Start of PROVIDED ENTRIES

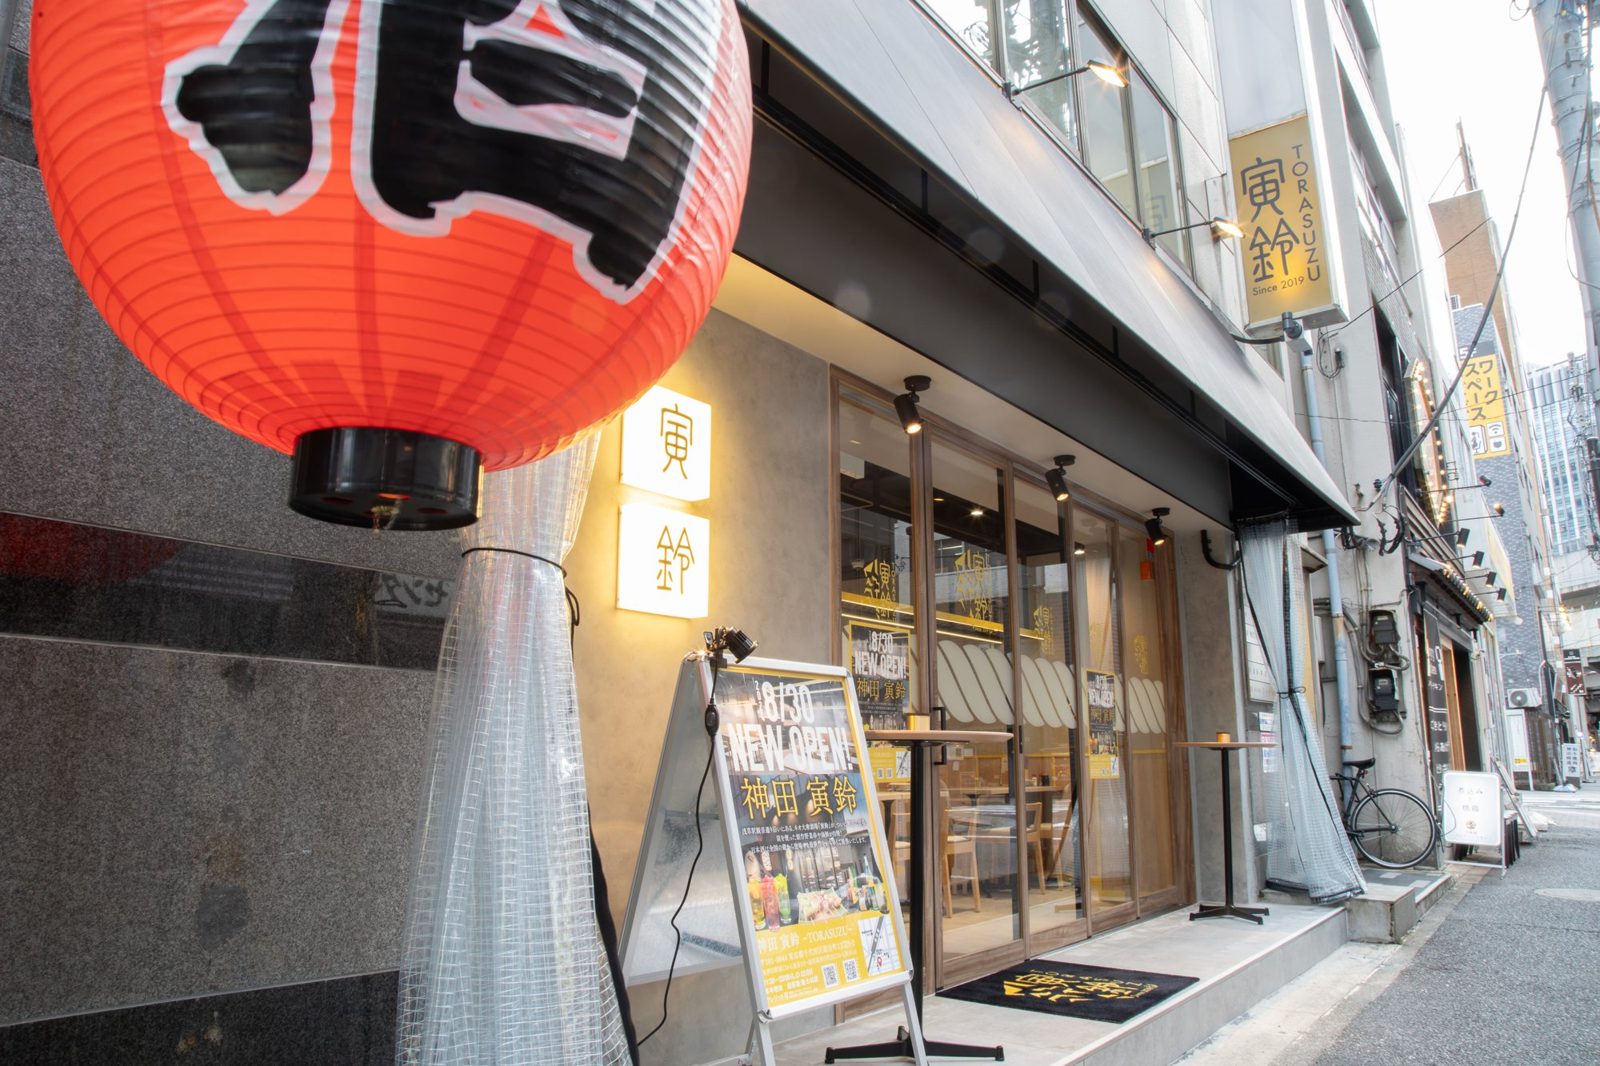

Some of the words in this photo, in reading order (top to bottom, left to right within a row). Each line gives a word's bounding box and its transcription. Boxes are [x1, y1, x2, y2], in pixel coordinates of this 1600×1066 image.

[1240, 156, 1300, 283] 寅鈴
[1291, 144, 1321, 282] TORASUZU
[1252, 284, 1278, 296] Since
[1281, 275, 1305, 290] 2019
[1465, 362, 1487, 421] スペース
[1480, 359, 1499, 405] ワーク
[855, 650, 879, 676] NEW
[880, 654, 907, 679] OPEN!
[871, 631, 894, 654] 8/30
[761, 681, 815, 723] 8/30
[857, 678, 880, 699] 神田
[884, 680, 906, 700] 寅鈴
[727, 723, 785, 772] NEW
[788, 726, 854, 772] OPEN!
[740, 777, 799, 820] 神田
[806, 776, 857, 818] 寅鈴
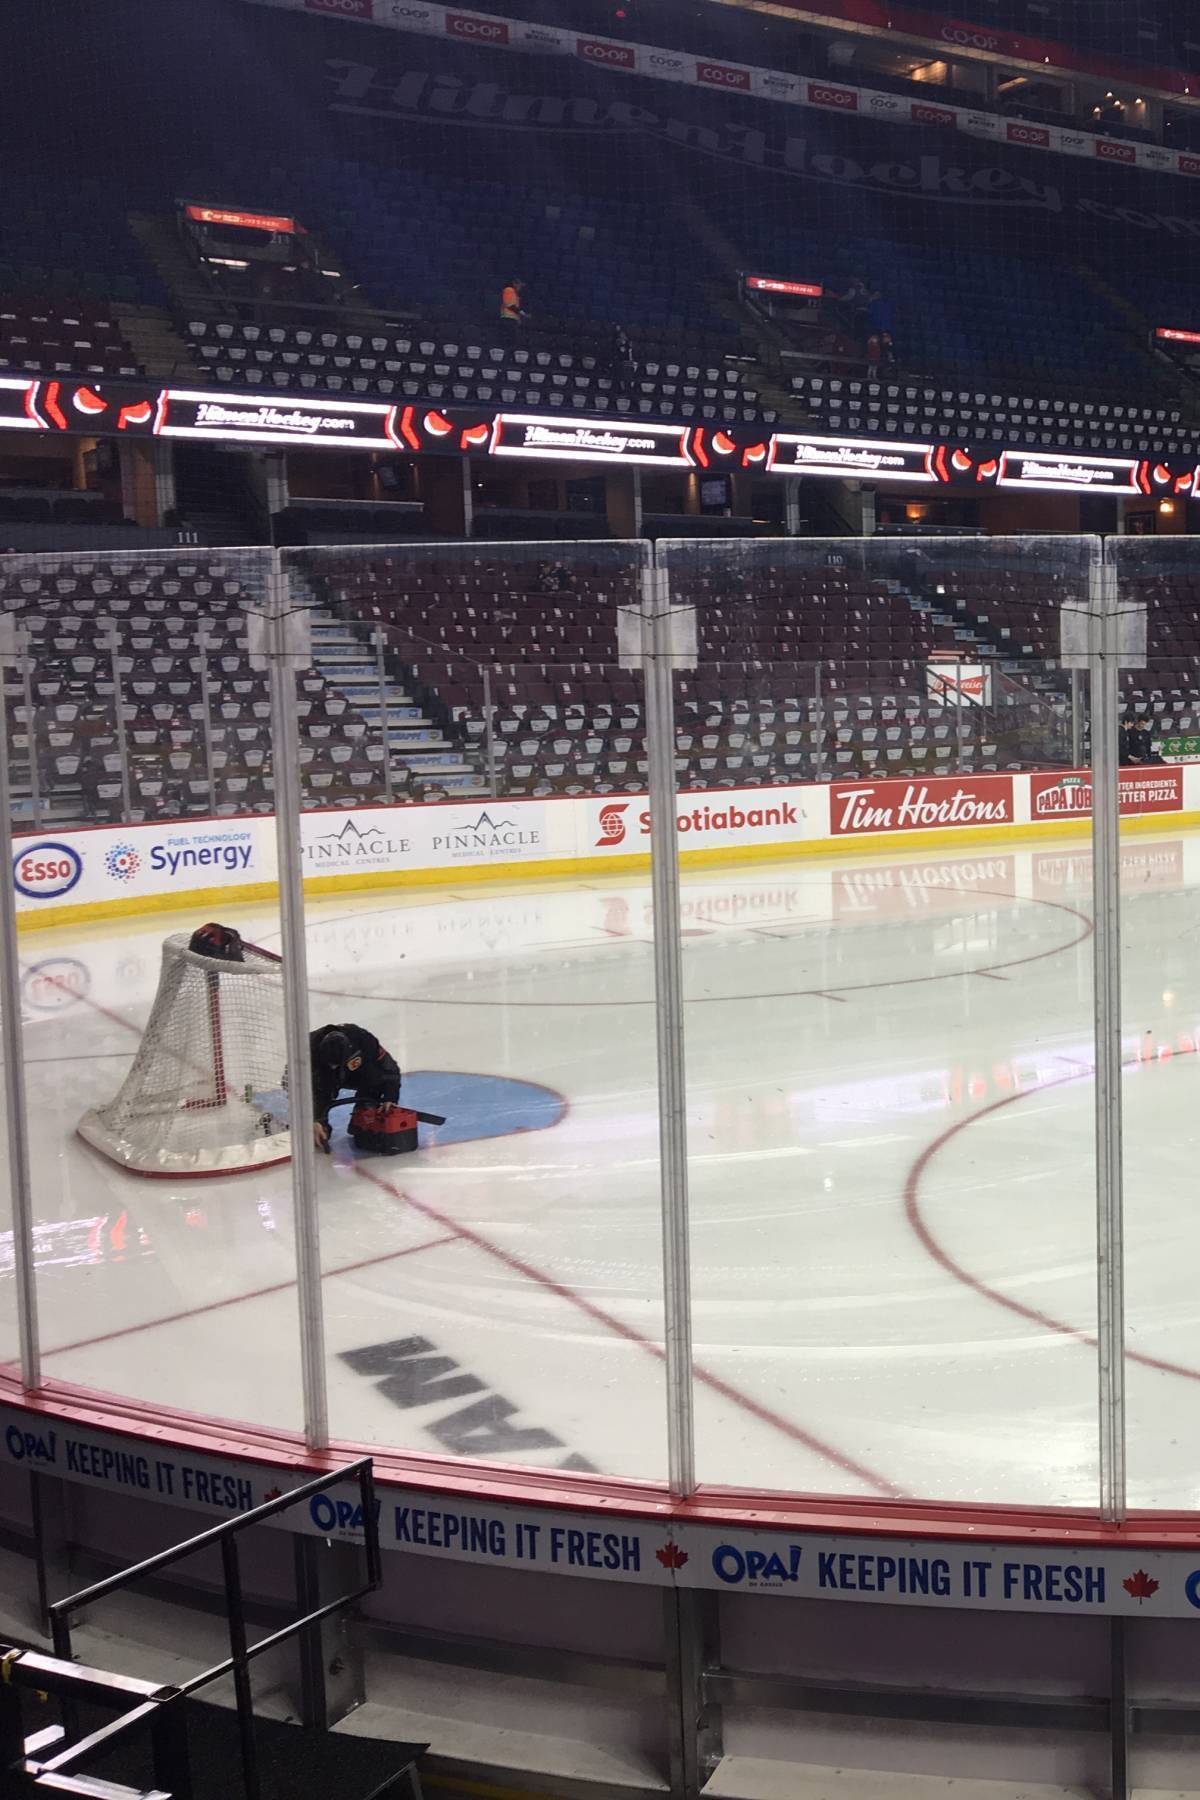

End of PROVIDED ENTRIES

PROBLEM TO SOLVE:
If a picture appears among the entries, omit it and reproduce everything else exactly.

ANSWER TO THIS EXERCISE:
Some of the words in this photo, in reading order (top to bottom, left to right within a row). Each line gives a word's bounding box and its transcription. Boxes are [x1, y1, x2, y2], in pixel coordinates of this 1600×1066 image.

[1240, 156, 1300, 283] 寅鈴
[1291, 144, 1321, 282] TORASUZU
[1252, 284, 1278, 296] Since
[1281, 275, 1305, 290] 2019
[1465, 362, 1487, 421] スペース
[1480, 359, 1499, 405] ワーク
[855, 650, 879, 676] NEW
[880, 654, 907, 679] OPEN!
[871, 631, 894, 654] 8/30
[761, 681, 815, 723] 8/30
[857, 678, 880, 699] 神田
[884, 680, 906, 700] 寅鈴
[727, 723, 785, 772] NEW
[788, 726, 854, 772] OPEN!
[740, 777, 799, 820] 神田
[806, 776, 857, 818] 寅鈴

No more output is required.